*PROBLEM TO SOLVE*
Copy out the entries that follow, unchanged.

+ + + + + + +

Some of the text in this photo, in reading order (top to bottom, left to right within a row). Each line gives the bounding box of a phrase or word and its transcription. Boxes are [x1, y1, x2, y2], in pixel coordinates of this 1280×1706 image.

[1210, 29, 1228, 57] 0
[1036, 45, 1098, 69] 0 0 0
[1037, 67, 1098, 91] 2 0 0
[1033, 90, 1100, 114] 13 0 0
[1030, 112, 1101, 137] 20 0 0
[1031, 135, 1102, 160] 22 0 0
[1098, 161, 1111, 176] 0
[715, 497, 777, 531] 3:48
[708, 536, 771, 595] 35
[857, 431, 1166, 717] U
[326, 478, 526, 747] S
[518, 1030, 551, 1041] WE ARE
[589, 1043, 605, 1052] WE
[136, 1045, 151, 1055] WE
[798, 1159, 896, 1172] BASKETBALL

+ + + + + + +

*YOUR RESPONSE*
Some of the text in this photo, in reading order (top to bottom, left to right within a row). Each line gives the bounding box of a phrase or word and its transcription. Boxes are [x1, y1, x2, y2], in pixel coordinates of this 1280×1706 image.

[1210, 29, 1228, 57] 0
[1036, 45, 1098, 69] 0 0 0
[1037, 67, 1098, 91] 2 0 0
[1033, 90, 1100, 114] 13 0 0
[1030, 112, 1101, 137] 20 0 0
[1031, 135, 1102, 160] 22 0 0
[1098, 161, 1111, 176] 0
[715, 497, 777, 531] 3:48
[708, 536, 771, 595] 35
[857, 431, 1166, 717] U
[326, 478, 526, 747] S
[518, 1030, 551, 1041] WE ARE
[589, 1043, 605, 1052] WE
[136, 1045, 151, 1055] WE
[798, 1159, 896, 1172] BASKETBALL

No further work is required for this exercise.